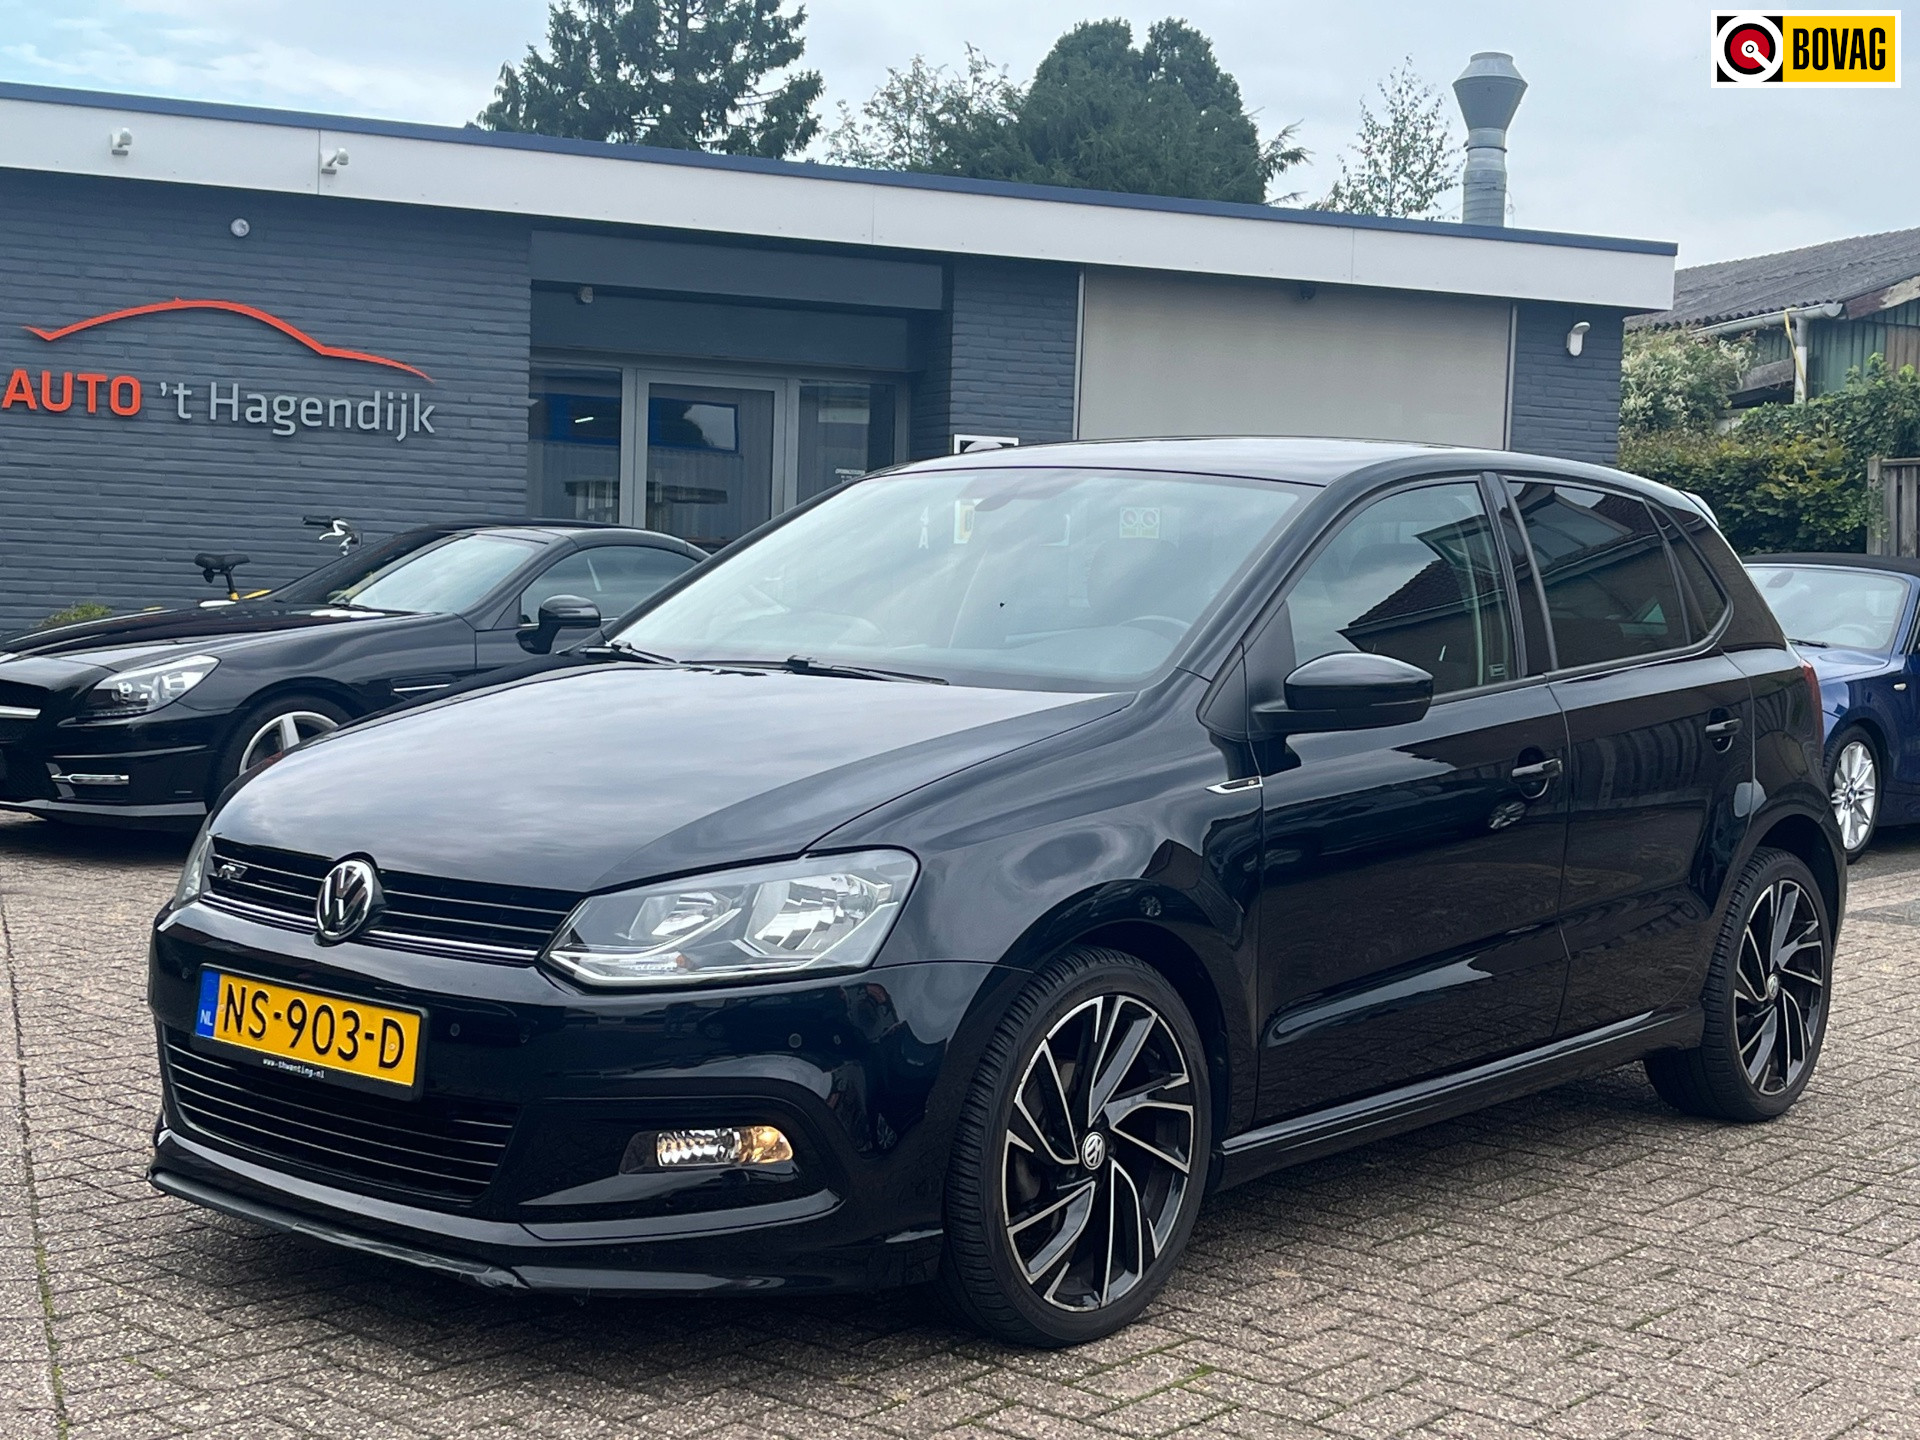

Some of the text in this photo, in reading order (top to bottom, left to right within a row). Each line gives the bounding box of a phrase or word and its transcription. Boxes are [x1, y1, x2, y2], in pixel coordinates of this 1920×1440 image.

[2, 369, 142, 416] AUTO
[210, 382, 435, 442] Hagendijk
[200, 1009, 213, 1026] NL
[223, 983, 405, 1069] NS-903-D
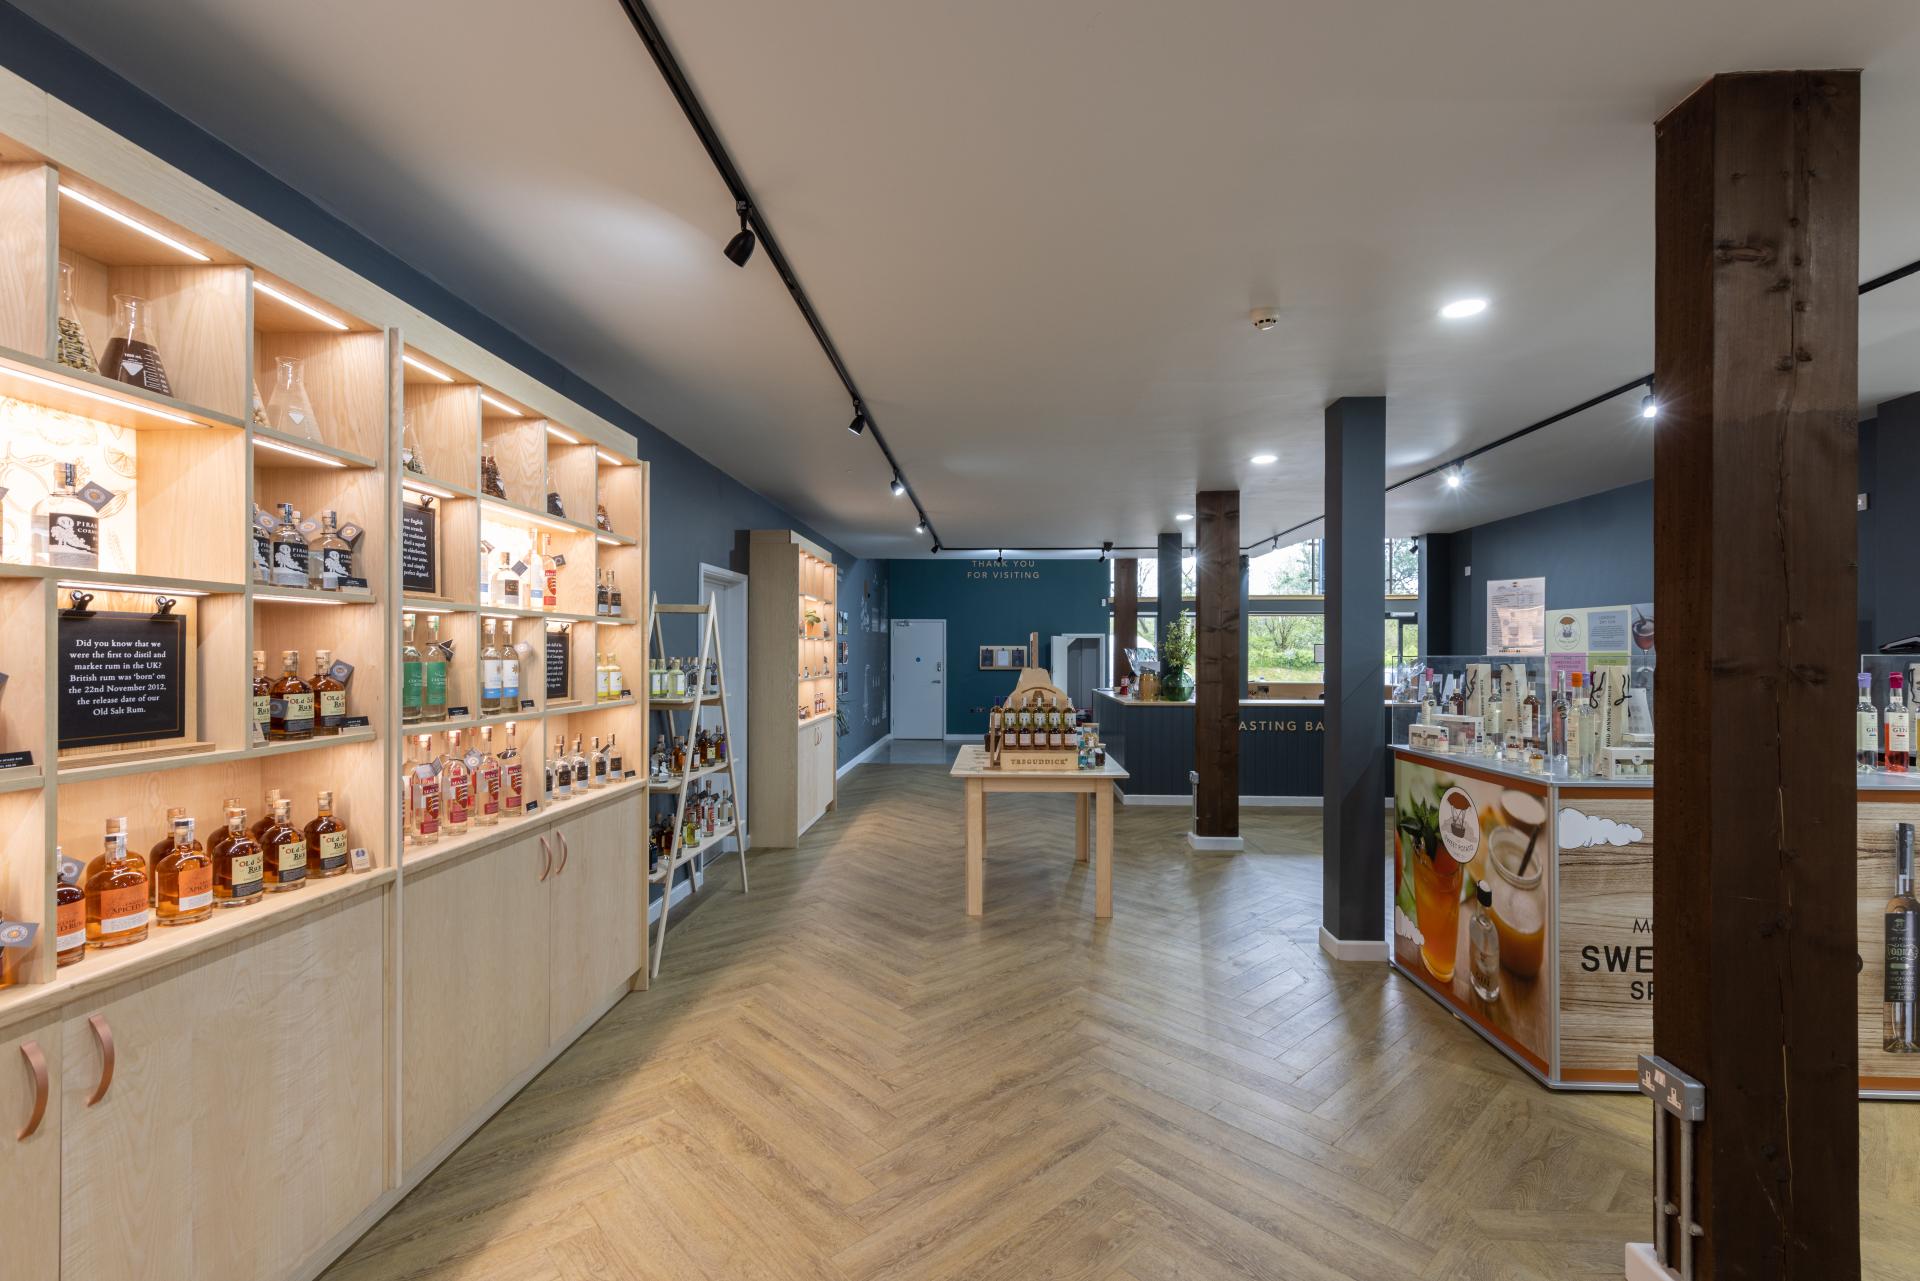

• Assigned task: In the material above, repeat each entry exactly and omit every picture.

• Result:
Some of the text in this photo, in reading order (top to bottom, left to right within a row). Each line gives the bounding box of a phrase or word and its transcription. Boxes are [x1, y1, x2, y2], in pixel coordinates of this 1920×1440 image.

[2, 369, 142, 416] AUTO
[210, 382, 435, 442] Hagendijk
[200, 1009, 213, 1026] NL
[223, 983, 405, 1069] NS-903-D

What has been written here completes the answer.